_TASK MATERIAL_.
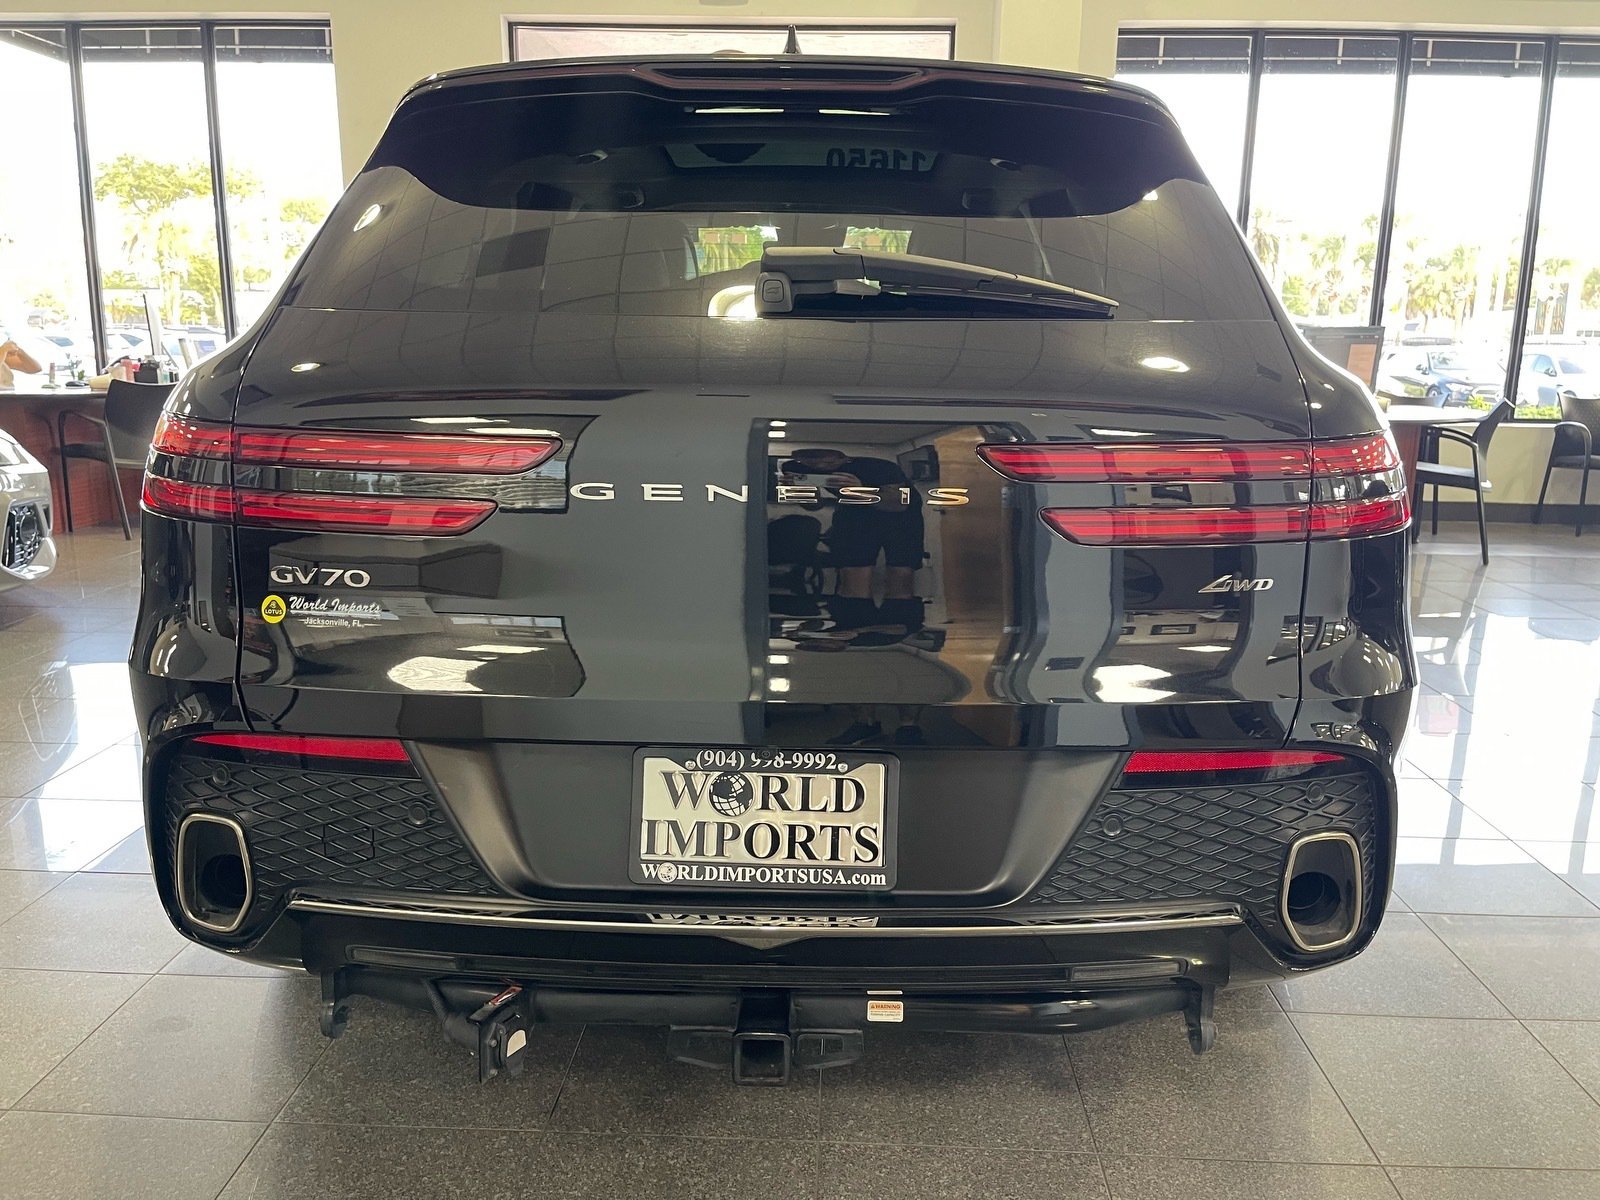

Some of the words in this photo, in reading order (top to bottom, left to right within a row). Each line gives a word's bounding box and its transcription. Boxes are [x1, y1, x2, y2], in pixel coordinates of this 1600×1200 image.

[569, 481, 970, 506] GENESIS
[270, 565, 371, 588] GV70
[1198, 574, 1274, 593] 4WD
[289, 596, 329, 610] World
[331, 598, 382, 613] Imports
[304, 617, 351, 628] Jacksonville,
[696, 750, 745, 771] (904)
[643, 819, 880, 863] IMPORTS
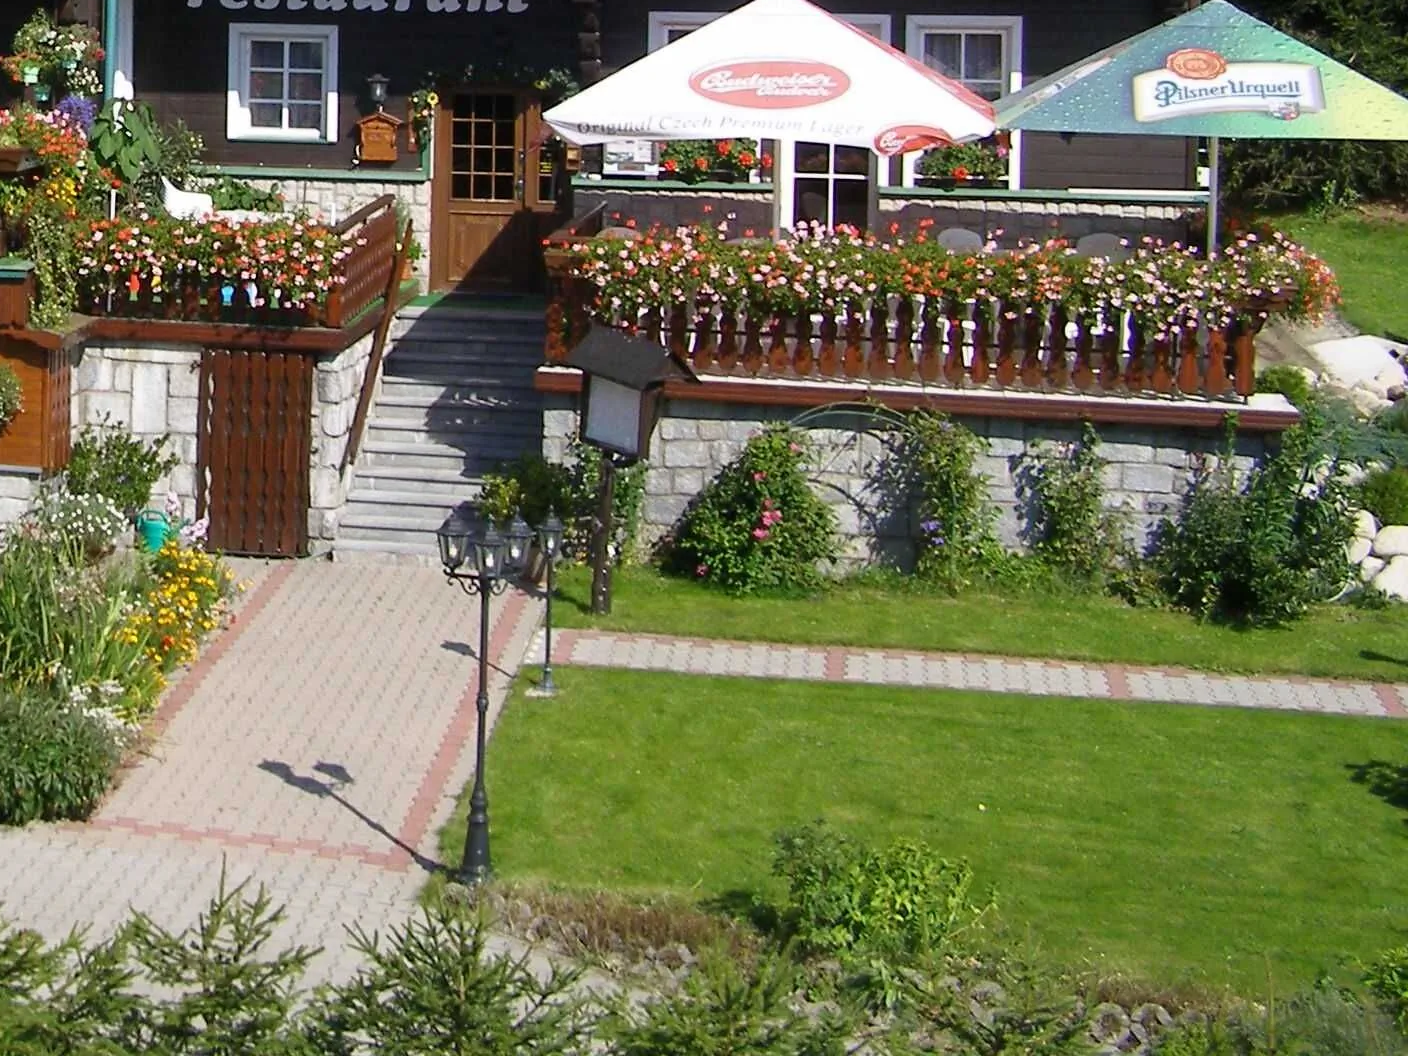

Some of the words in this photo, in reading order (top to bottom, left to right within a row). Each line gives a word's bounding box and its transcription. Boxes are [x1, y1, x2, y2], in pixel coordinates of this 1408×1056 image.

[1154, 80, 1230, 108] Pilsner
[1227, 79, 1301, 99] Urquell
[577, 116, 653, 135] Original
[658, 115, 713, 131] Czech
[719, 115, 803, 132] Premium
[809, 119, 866, 135] Lager
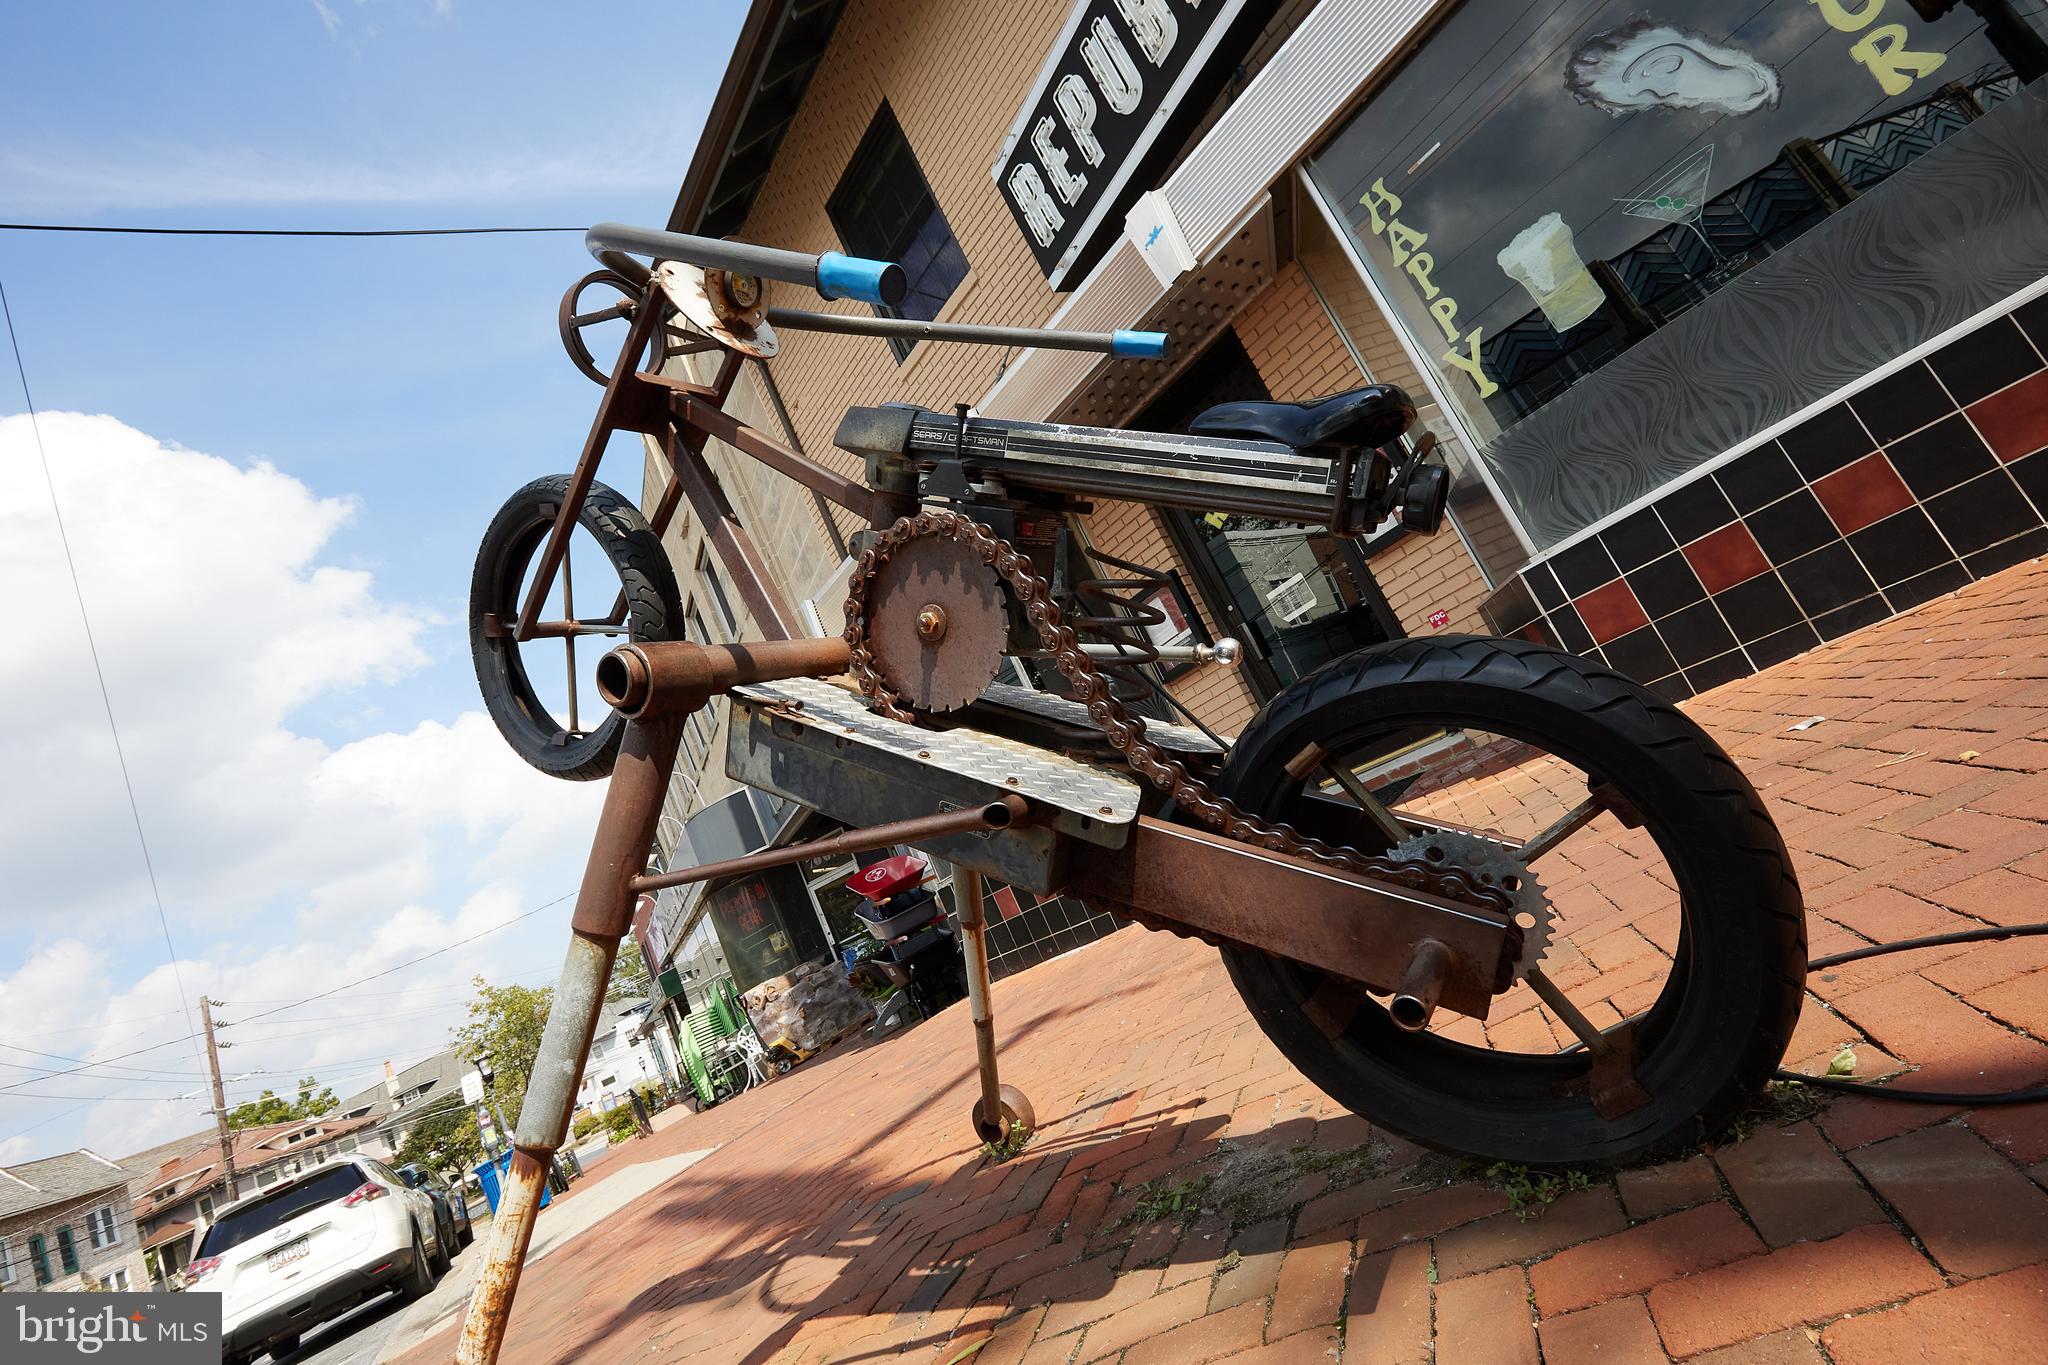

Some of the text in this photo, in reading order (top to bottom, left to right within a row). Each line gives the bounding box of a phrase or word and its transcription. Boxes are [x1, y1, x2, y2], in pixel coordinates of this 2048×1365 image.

[1007, 0, 1201, 248] REPUB
[1359, 176, 1499, 399] HAPPY
[1429, 611, 1446, 623] FDC

_WORK ORDER_.
Copy the data verbatim, skipping any image it holds.

_RESPONSE TO THIS TASK_.
Some of the words in this photo, in reading order (top to bottom, left to right within a row). Each line gives a word's bounding box and its transcription. Boxes are [x1, y1, x2, y2], in pixel coordinates of this 1600×1200 image.

[569, 481, 970, 506] GENESIS
[270, 565, 371, 588] GV70
[1198, 574, 1274, 593] 4WD
[289, 596, 329, 610] World
[331, 598, 382, 613] Imports
[304, 617, 351, 628] Jacksonville,
[696, 750, 745, 771] (904)
[643, 819, 880, 863] IMPORTS

Some of the words in this photo, in reading order (top to bottom, left to right within a row). Each line gives a word's bounding box and its transcription. Boxes are [x1, y1, x2, y2], in pixel coordinates of this 1408×1056 image.

[1154, 80, 1230, 108] Pilsner
[1227, 79, 1301, 99] Urquell
[577, 116, 653, 135] Original
[658, 115, 713, 131] Czech
[719, 115, 803, 132] Premium
[809, 119, 866, 135] Lager

Some of the text in this photo, in reading order (top to bottom, left to right within a row). Each line gives the bounding box of a phrase or word and its transcription. Boxes are [x1, y1, x2, y2], in pixel coordinates of this 2048×1365 image.

[1007, 0, 1201, 248] REPUB
[1359, 176, 1499, 399] HAPPY
[1429, 611, 1446, 623] FDC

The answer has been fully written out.